Kompasiana adalah platform blog. Konten ini menjadi tanggung jawab bloger dan tidak mewakili pandangan redaksi Kompas.

Saya menjemput si bungsu, Kelas VIII, sebab sudah ada notifikasi di gawai saya. Saya membukanya dan membaca teks: "Jemput yah. Terima kasih". Saya mengendarai motor, menjemputnya.

Saat ia berada di boncengan, ia mengatakan bahwa tadi ia tak mengikuti pelajaran. Katanya, ia bersama pengurus organisasi siswa intra sekolah (OSIS) yang lain mengumpulkan zakat. Berupa beras yang ditempatkan dalam kantong plastik. Siswa membawanya dari rumah mereka masing-masing, tentu seizin orangtua.

Katanya lagi, mereka tak hanya mengumpulkan, tapi juga mendata. Mencatat siapa, kelas berapa; berapa jumlahnya, sesuai dengan jumlah siswa atau tidak. Dalam data terlihat siapa yang sudah dan belum. Kalau ada yang belum, hari berikutnya bisa mengumpulkan.

Saya berusaha menangkap semua yang dikatakannya. Sekalipun terdengar samar-samar karena suaranya tak lebih keras dari suara kendaraan yang bising di jalanan siang itu. Karenanya, mungkin saja ada konten perkataannya yang tak tertangkap oleh telinga saya dan itu berarti tak tercatat di sini.
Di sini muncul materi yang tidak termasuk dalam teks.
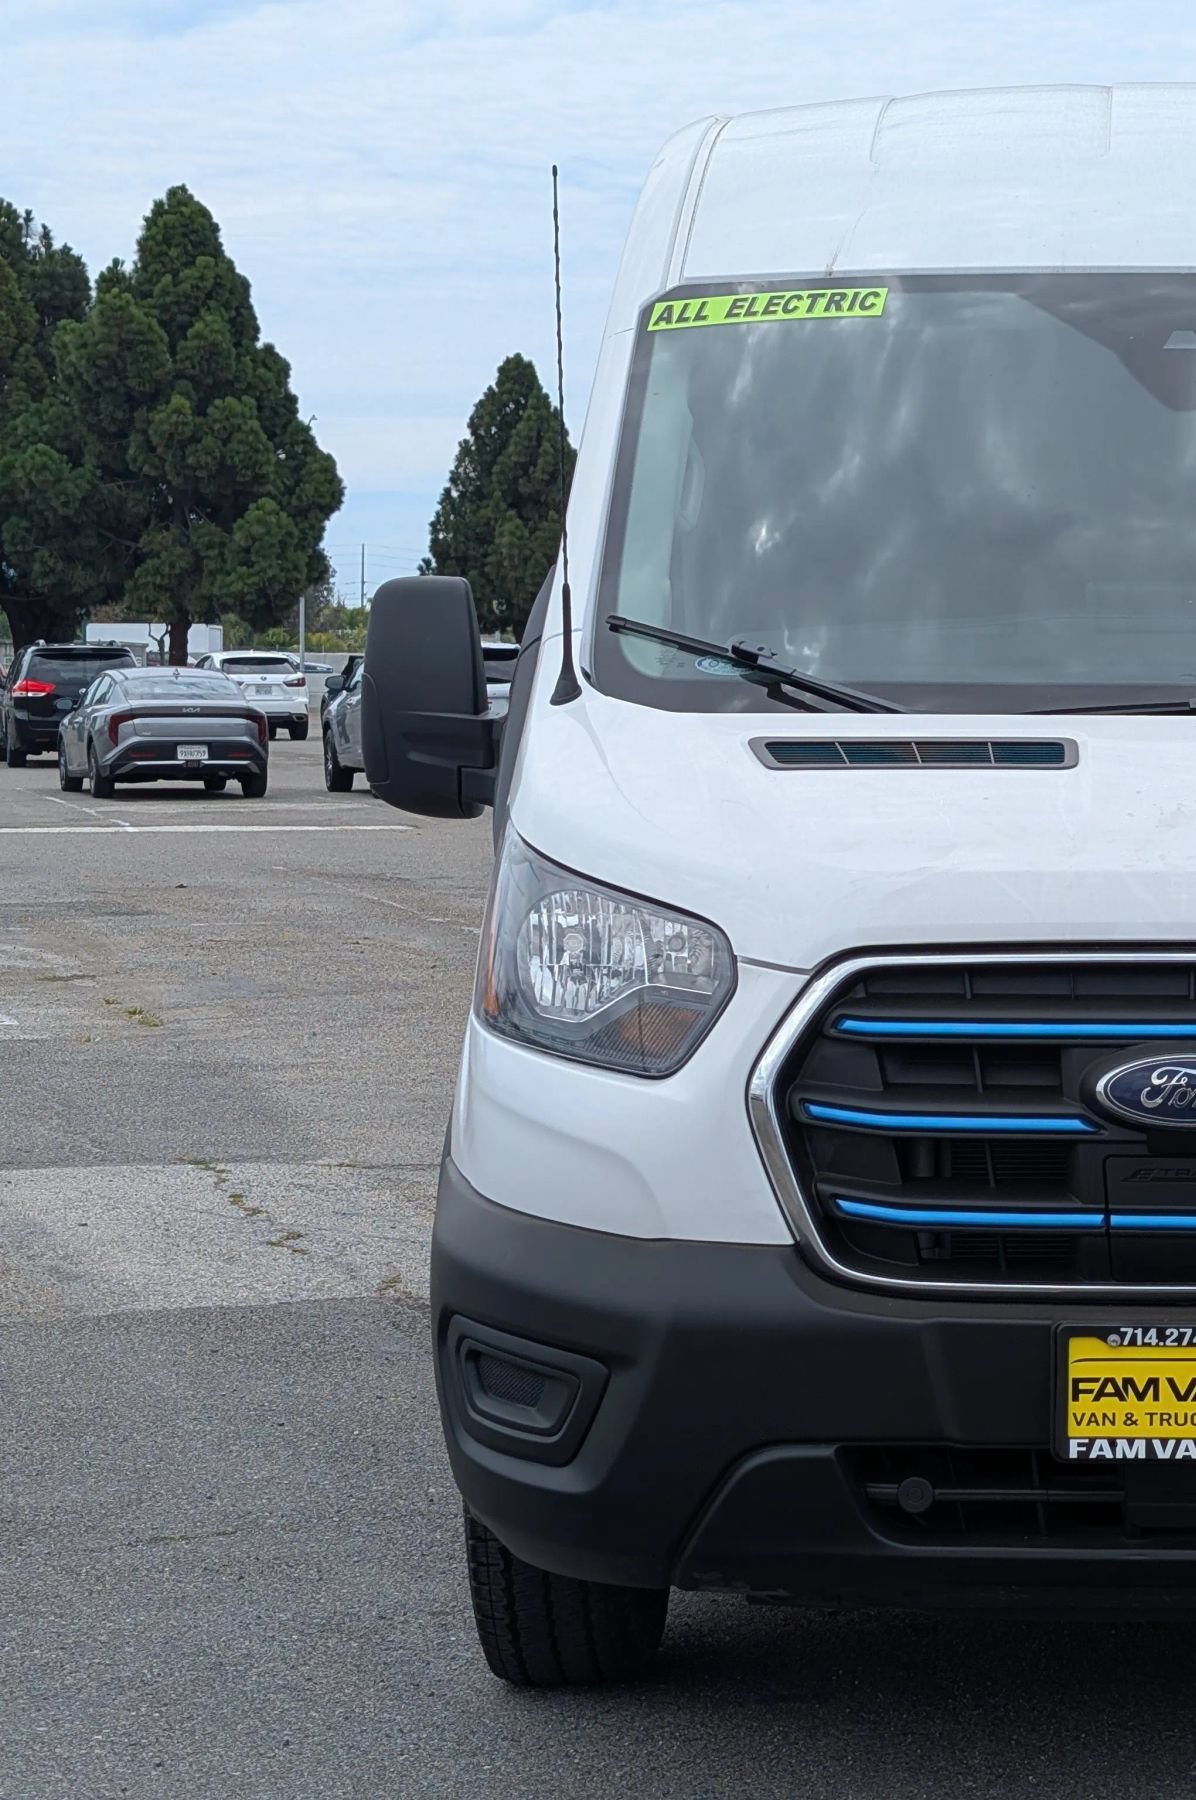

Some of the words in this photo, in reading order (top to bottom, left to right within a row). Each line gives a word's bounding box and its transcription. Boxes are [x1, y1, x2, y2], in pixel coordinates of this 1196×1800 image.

Tapi, dari yang sudah tercatat di sini, setidaknya memberikan gambaran kepada kita bahwa pengurus OSIS telah melakukan pekerjaan secara bergotong royong. Mereka melakukannya secara bersama, berbaur satu dengan yang lain tanpa memandang asal usul mereka, untuk satu pekerjaan yang mulia.

Saya, secara pribadi, merasa senang atas realitas tersebut. Sebab, si bungsu yang beragama Kristen dapat berbaur dengan teman-teman pengurus OSIS yang lain, yang sangat mungkin ada yang berbeda agama. Semua itu untuk urusan zakat, yang keberadaannya ada dalam satu rangkaian dengan kegiatan puasa Ramadan dan idul Fitri.

Mendengar ceritanya dan melihat semangatnya bercerita tentang aktivitas tersebut, saya membayangkan bahwa aktivitas yang dilakukan oleh si bungsu bersama teman-temannya ada dalam suasana yang menggembirakan. Kalau suasananya sebaliknya, tentu saya melihat berbeda tentangnya. Kemungkinan ia diam dan cemberut.

Maka, barangkali tak salah kalau saya kemudian mengungkapkan demikian. Si bungsu melaksanakan tugas yang mulia itu dengan suka cita. Sementara teman-temannya, yang berkeyakinan berbeda dengannya dalam jumlah yang tentu lebih banyak, bisa terbuka menerima dirinya untuk bergabung. Si bungsu tentu saja menyambut penerimaan tersebut dengan hati riang gembira.

Saya mengetahui melalui cerita si bungsu, anak-anak yang beragama Kristen ada juga selain dirinya dalam aktivitas itu. Ada juga yang beragama Katolik. Cuma yang Hindu, Budha, dan Konghucu tak disebutkan, atau mungkin memang tak ada. Yang Kristen dan Katolik dapat berbaur dengan teman-temannya yang beragama Islam berpadu dalam kerja rohani: mengoordinasi zakat. Luar biasa!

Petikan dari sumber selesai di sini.